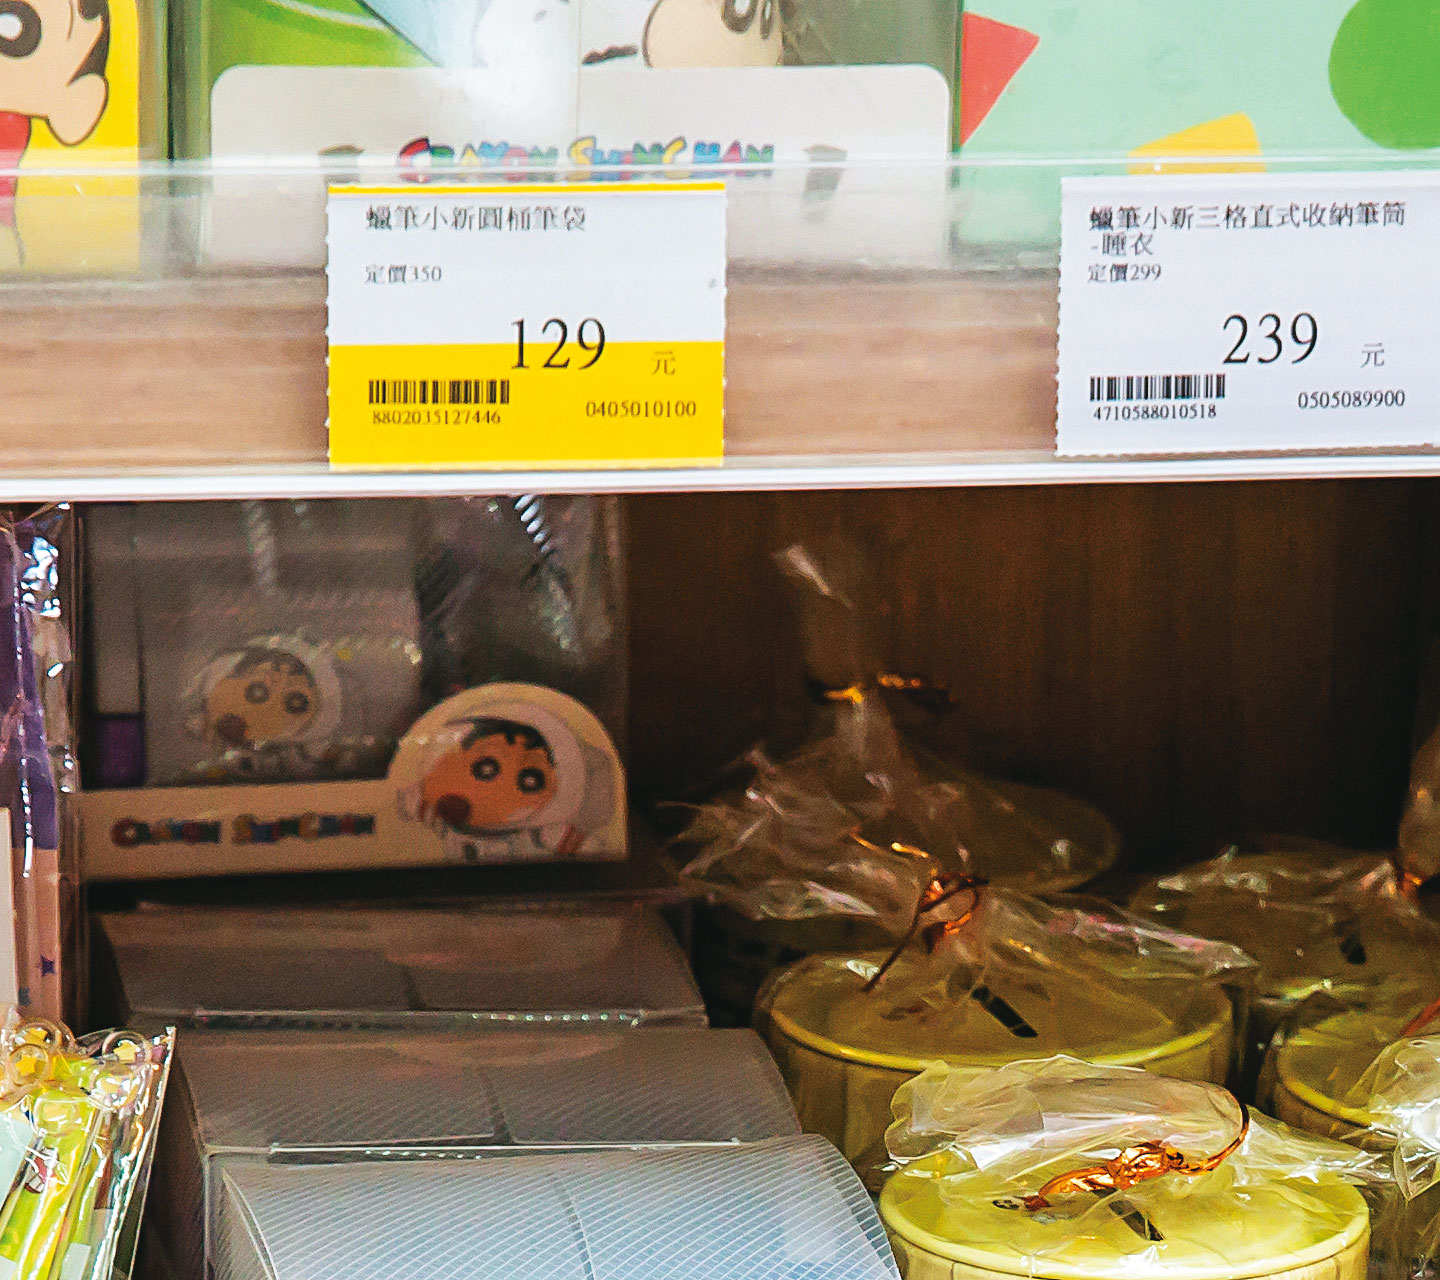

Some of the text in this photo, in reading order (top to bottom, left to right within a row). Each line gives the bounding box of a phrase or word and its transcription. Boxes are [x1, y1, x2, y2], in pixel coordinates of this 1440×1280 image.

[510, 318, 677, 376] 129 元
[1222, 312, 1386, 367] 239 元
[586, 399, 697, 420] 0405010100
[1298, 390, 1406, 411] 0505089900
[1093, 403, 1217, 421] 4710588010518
★ ★ ★
WHAT IS BEING ASKED: Return the records above exactly as written. Do not include their images.

RESPONSE TO THE EXERCISE:
Some of the text in this photo, in reading order (top to bottom, left to right within a row). Each line gives the bounding box of a phrase or word and its transcription. Boxes are [x1, y1, x2, y2], in pixel coordinates of this 1440×1280 image.

[510, 318, 677, 376] 129 元
[1222, 312, 1386, 367] 239 元
[586, 399, 697, 420] 0405010100
[1298, 390, 1406, 411] 0505089900
[1093, 403, 1217, 421] 4710588010518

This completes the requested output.